Work instruction ▸ A verbatim repeat of the lines below is required, with the pictures removed.

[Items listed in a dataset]
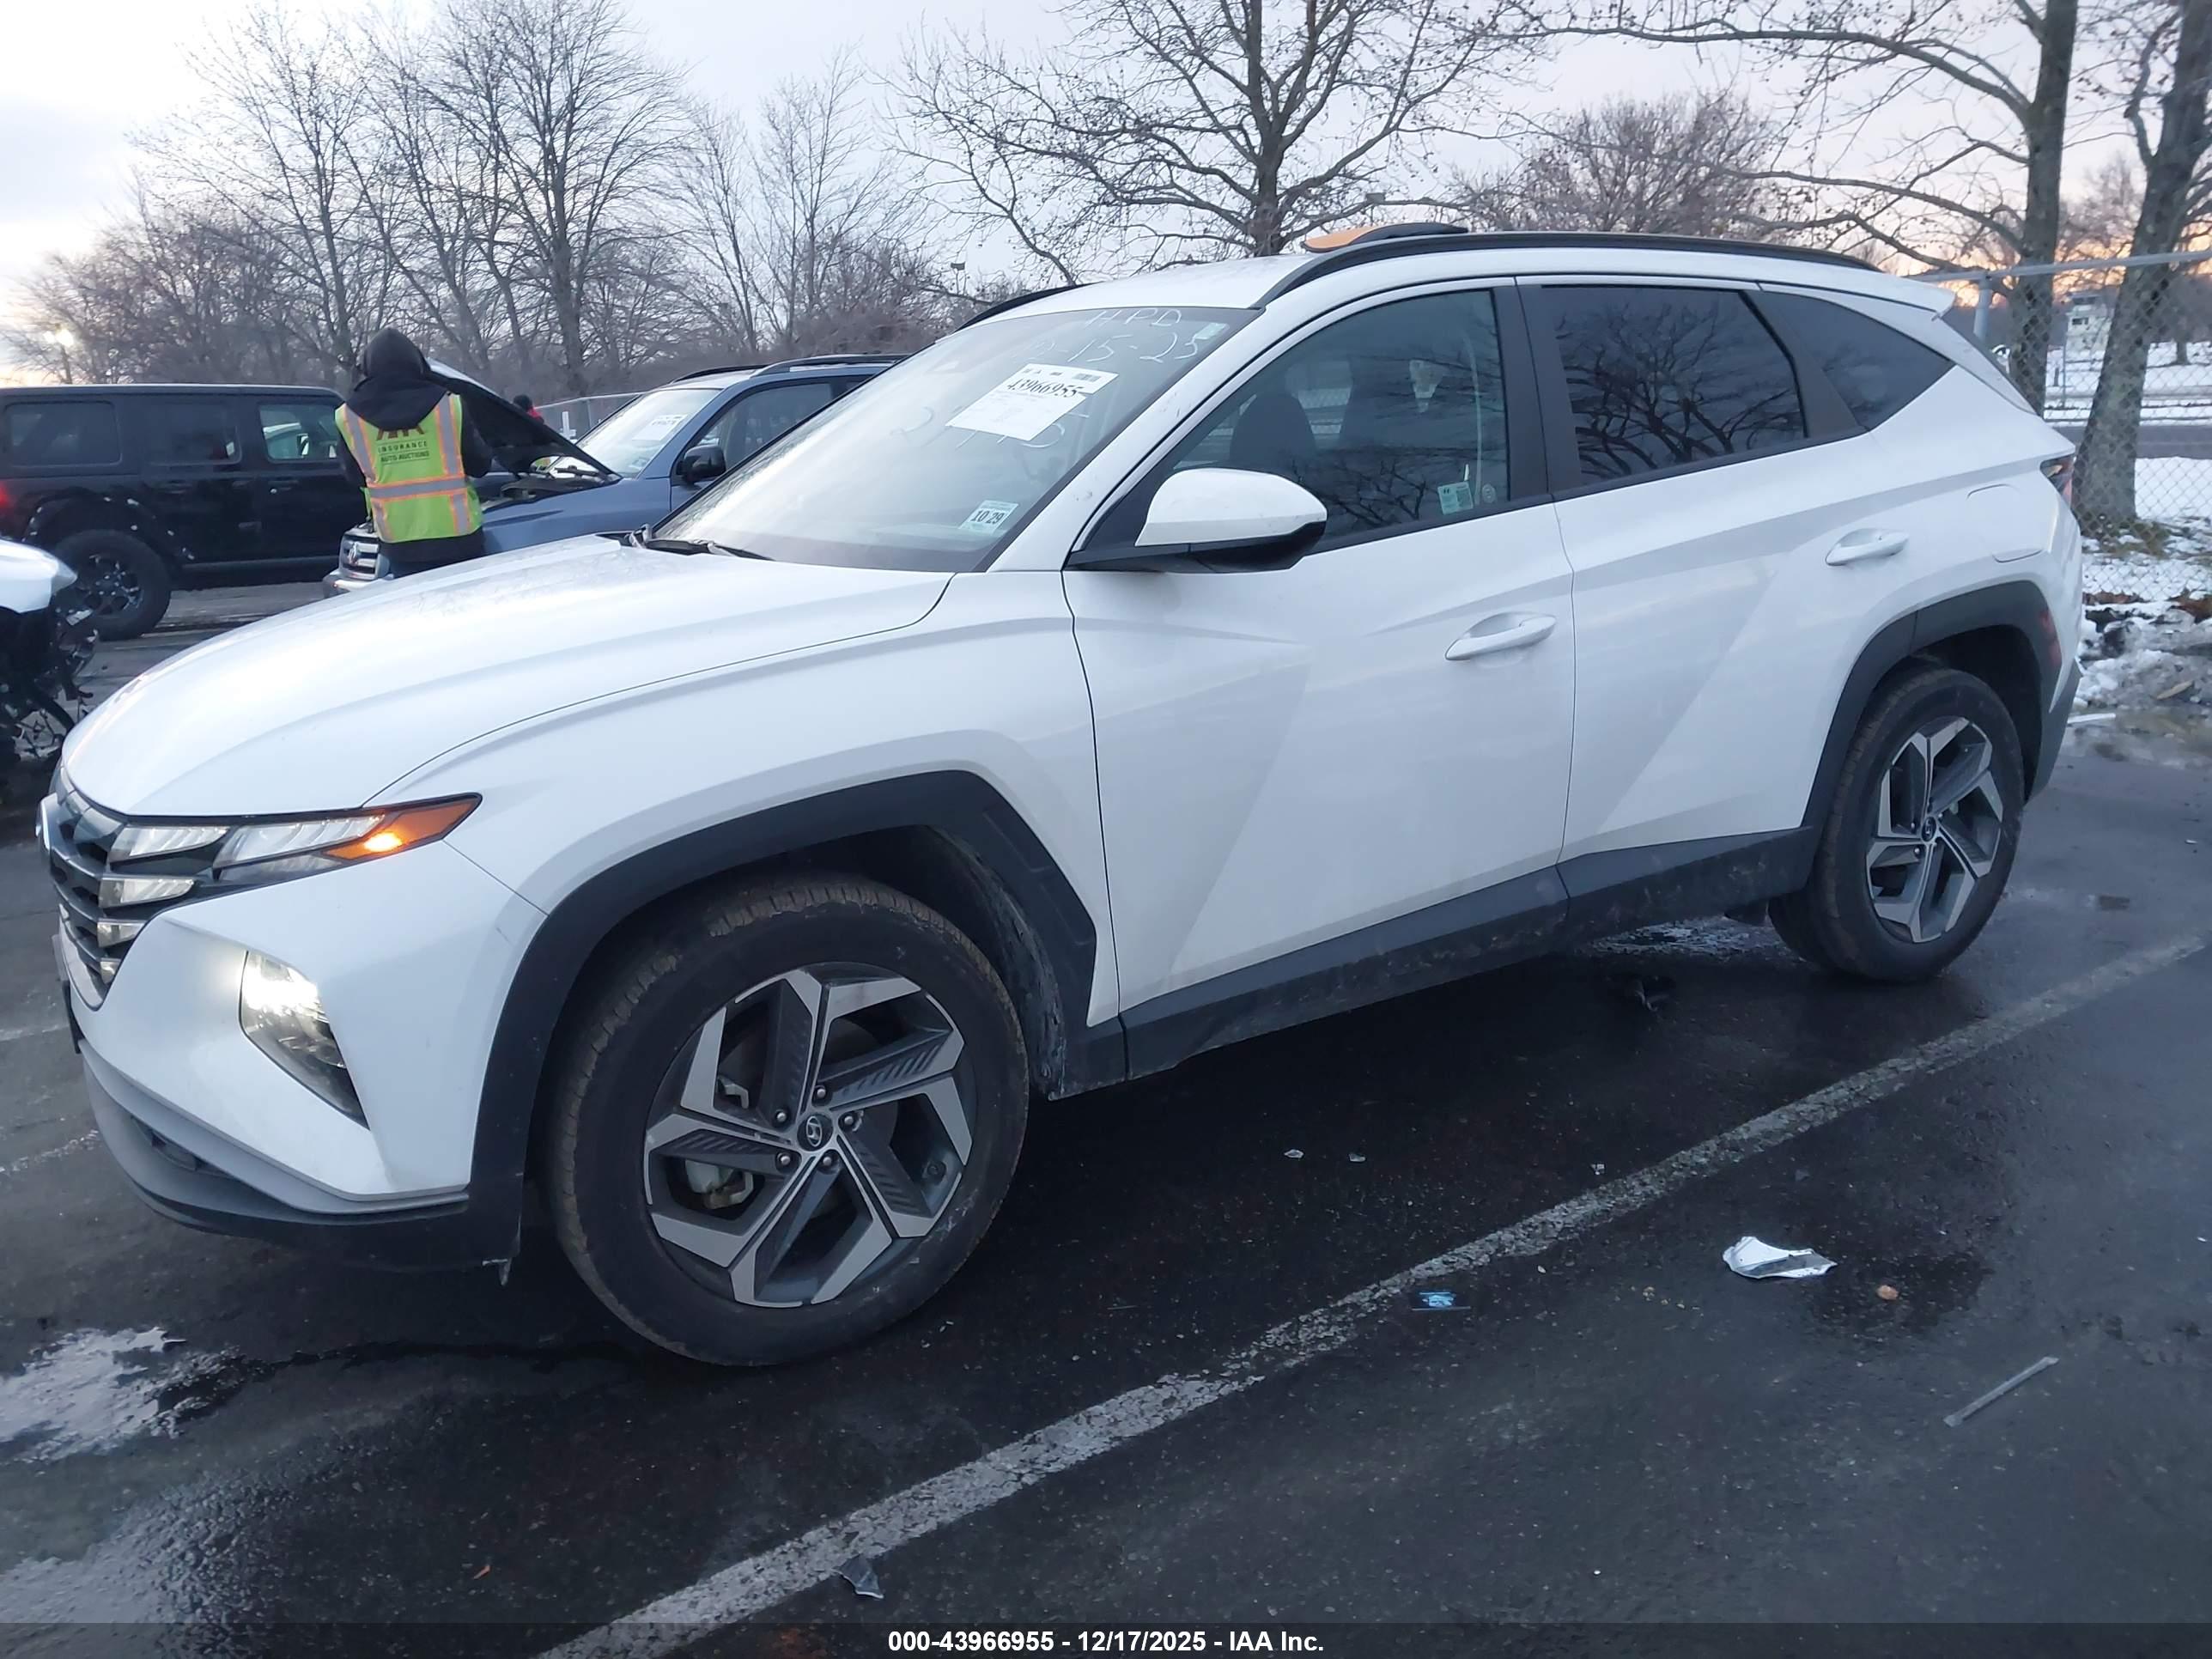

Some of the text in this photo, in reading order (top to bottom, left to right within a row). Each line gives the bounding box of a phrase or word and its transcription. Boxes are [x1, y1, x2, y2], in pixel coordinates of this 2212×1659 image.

[1006, 378, 1085, 398] 43966955
[378, 441, 427, 453] INSURANCE
[969, 509, 1006, 525] 10 29
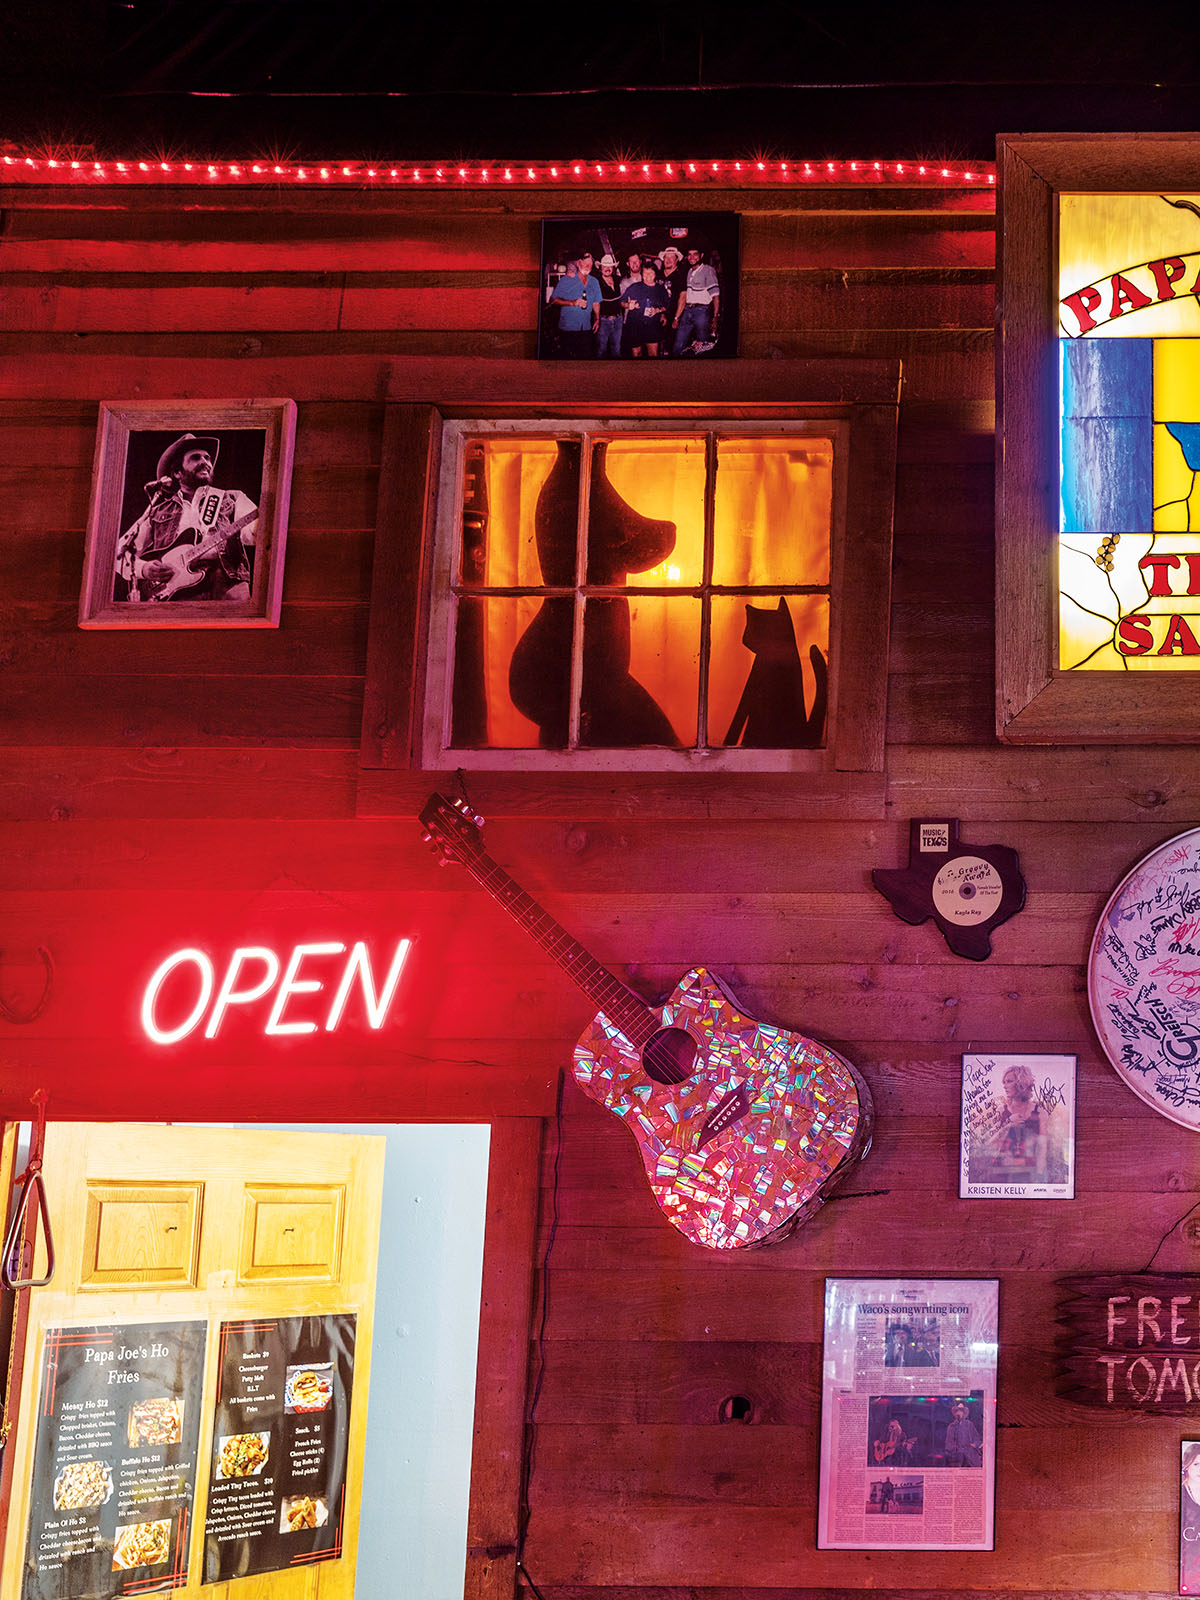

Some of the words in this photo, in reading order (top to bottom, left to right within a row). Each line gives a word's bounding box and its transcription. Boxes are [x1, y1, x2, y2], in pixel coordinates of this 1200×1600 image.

Output below ▸
Some of the text in this photo, in reading order (top to bottom, left to right within a row). Each line gives the bounding box of a phrase or word and its transcription. Boxes are [x1, y1, x2, y2], in pixel coordinates of this 2212×1659 image.

[1006, 378, 1085, 398] 43966955
[378, 441, 427, 453] INSURANCE
[969, 509, 1006, 525] 10 29

Some of the words in this photo, in reading order (top to bottom, left to right within a row). Each line gives a word's bounding box and its transcription. Boxes are [x1, y1, x2, y2], in pixel coordinates of this 1200×1600 image.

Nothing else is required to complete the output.